___ Entries supplied

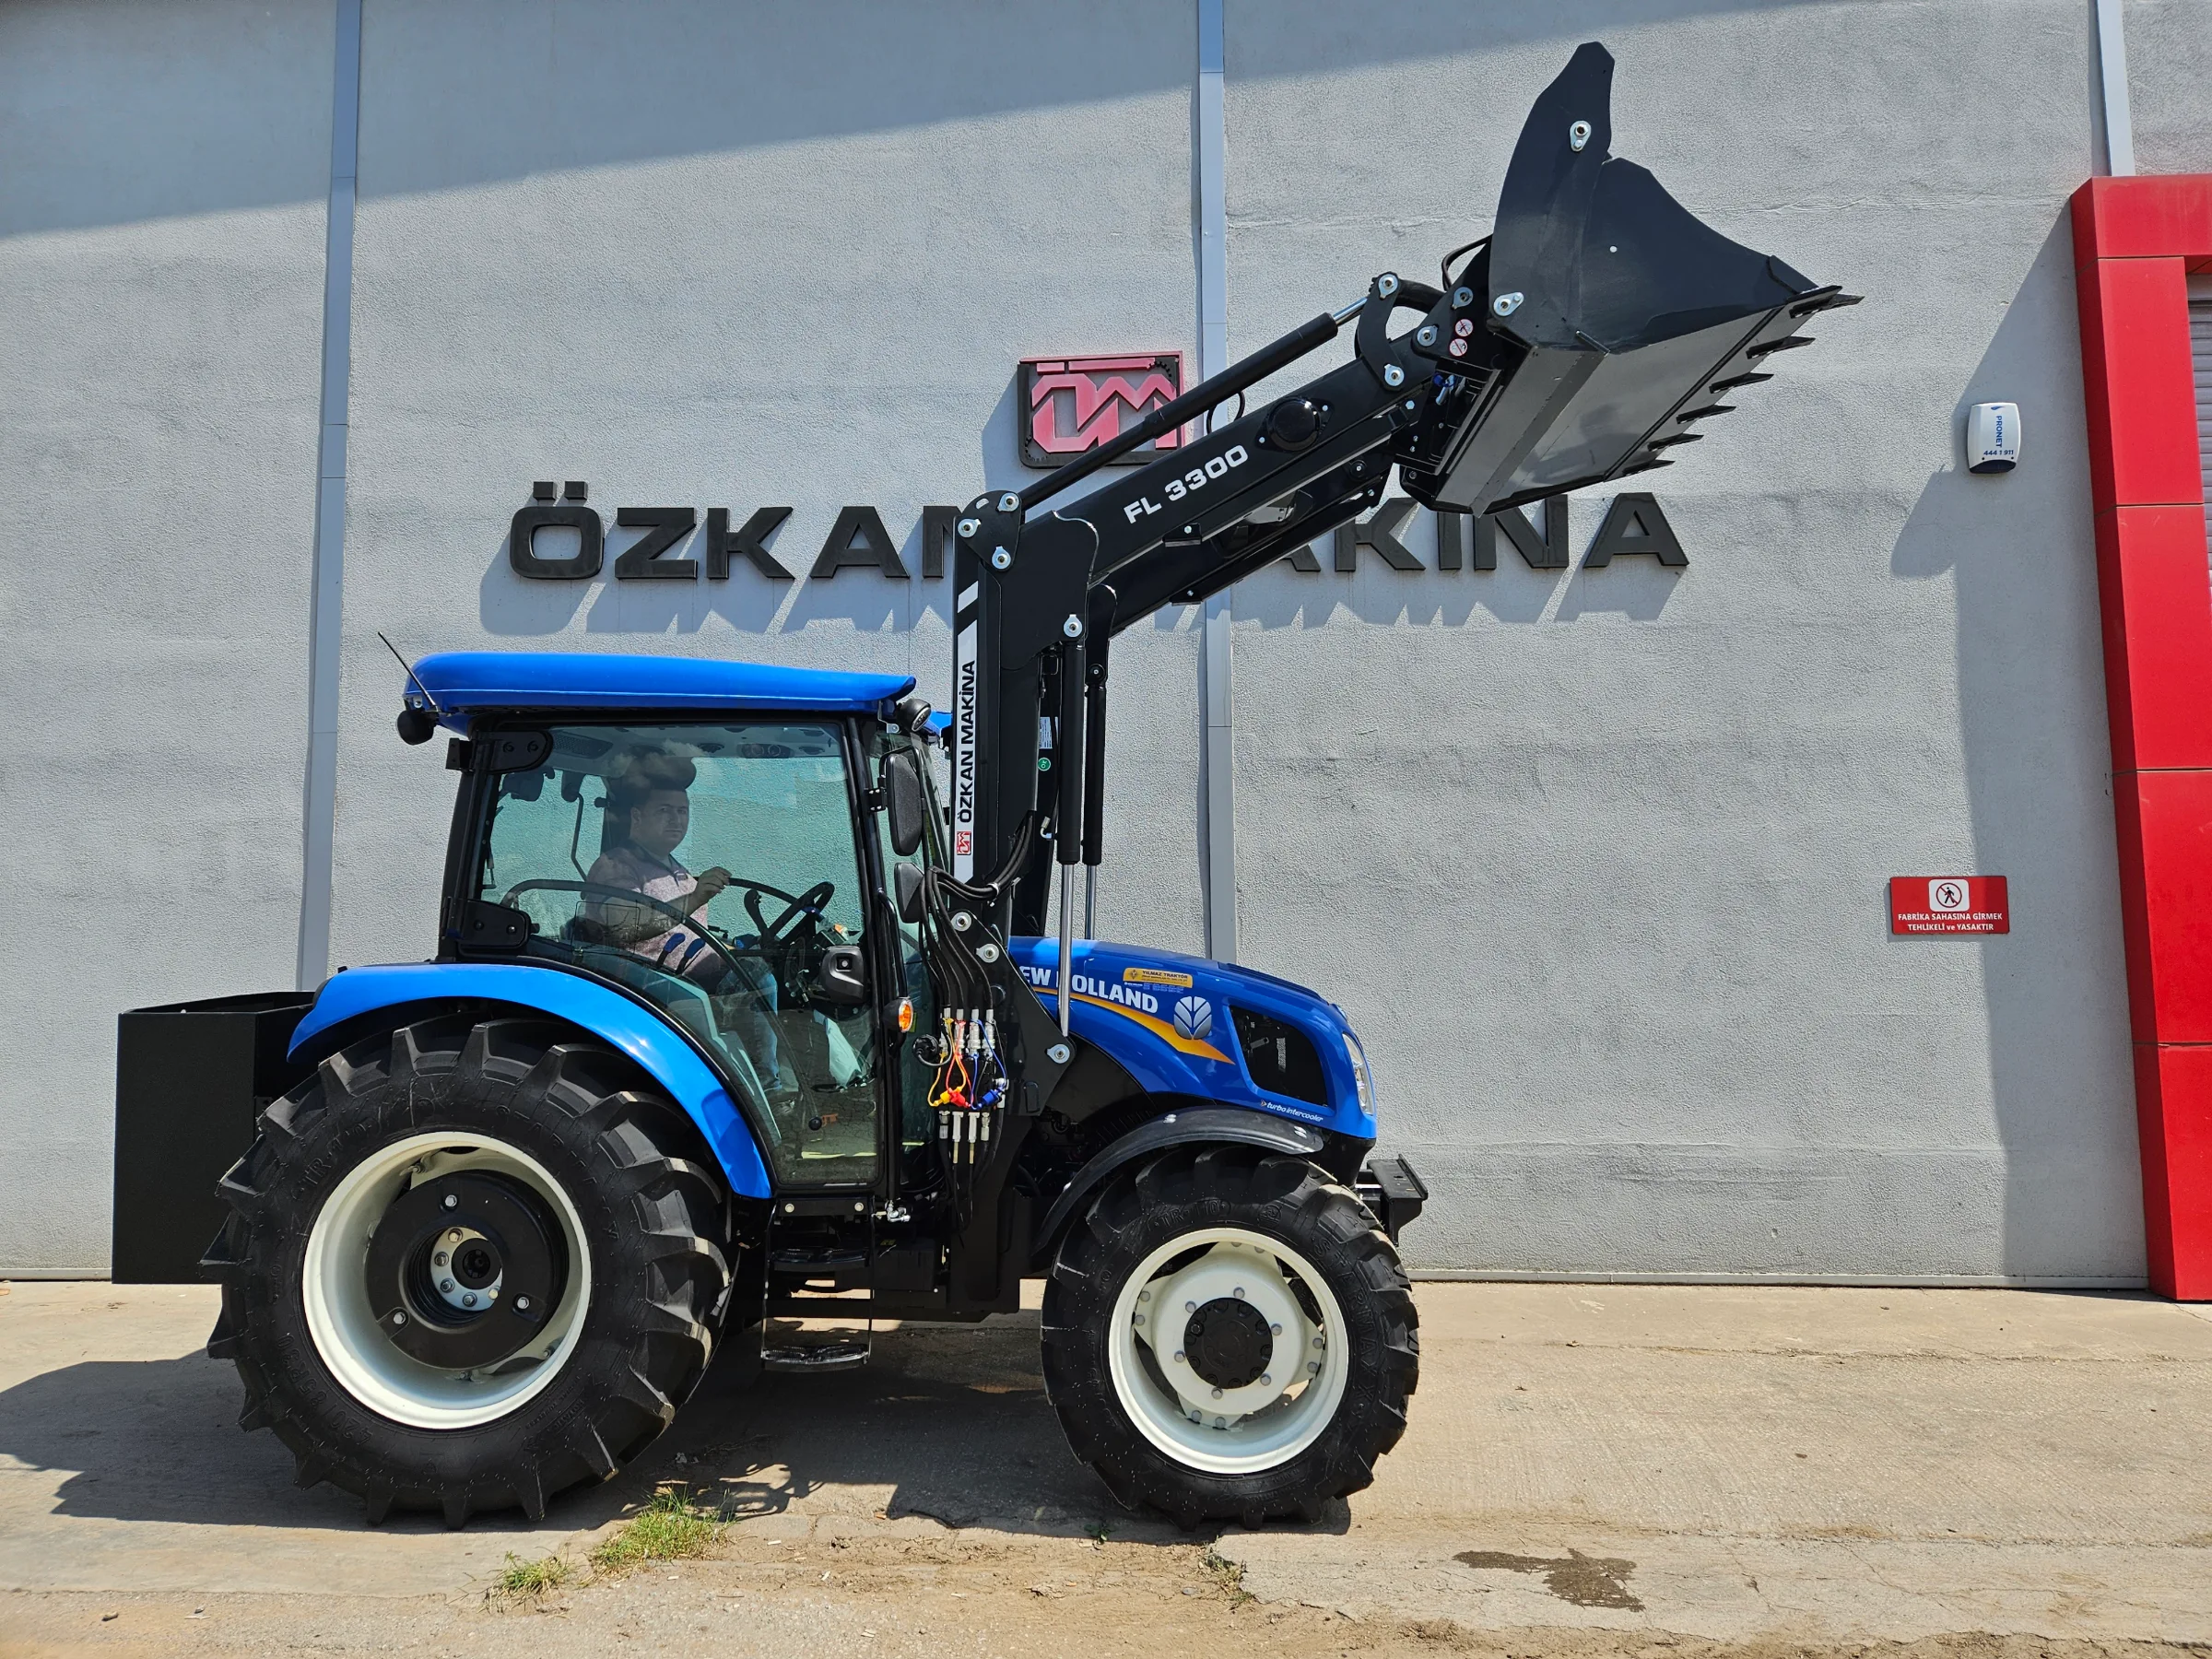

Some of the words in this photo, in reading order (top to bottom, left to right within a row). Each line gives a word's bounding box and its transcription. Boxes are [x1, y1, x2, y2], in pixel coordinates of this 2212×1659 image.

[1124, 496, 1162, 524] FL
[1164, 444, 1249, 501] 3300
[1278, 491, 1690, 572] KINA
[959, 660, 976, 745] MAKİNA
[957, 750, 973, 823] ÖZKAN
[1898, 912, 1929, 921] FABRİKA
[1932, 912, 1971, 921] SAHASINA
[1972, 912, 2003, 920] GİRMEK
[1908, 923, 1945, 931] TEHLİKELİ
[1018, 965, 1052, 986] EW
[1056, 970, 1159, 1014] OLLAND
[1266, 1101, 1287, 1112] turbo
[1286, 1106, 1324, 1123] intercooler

______

Could every record be given again exactly, with its pictures left out?

Some of the words in this photo, in reading order (top to bottom, left to right within a row). Each line gives a word's bounding box and its transcription. Boxes are [x1, y1, x2, y2], in pixel coordinates of this 2212×1659 image.

[1124, 496, 1162, 524] FL
[1164, 444, 1249, 501] 3300
[1278, 491, 1690, 572] KINA
[959, 660, 976, 745] MAKİNA
[957, 750, 973, 823] ÖZKAN
[1898, 912, 1929, 921] FABRİKA
[1932, 912, 1971, 921] SAHASINA
[1972, 912, 2003, 920] GİRMEK
[1908, 923, 1945, 931] TEHLİKELİ
[1018, 965, 1052, 986] EW
[1056, 970, 1159, 1014] OLLAND
[1266, 1101, 1287, 1112] turbo
[1286, 1106, 1324, 1123] intercooler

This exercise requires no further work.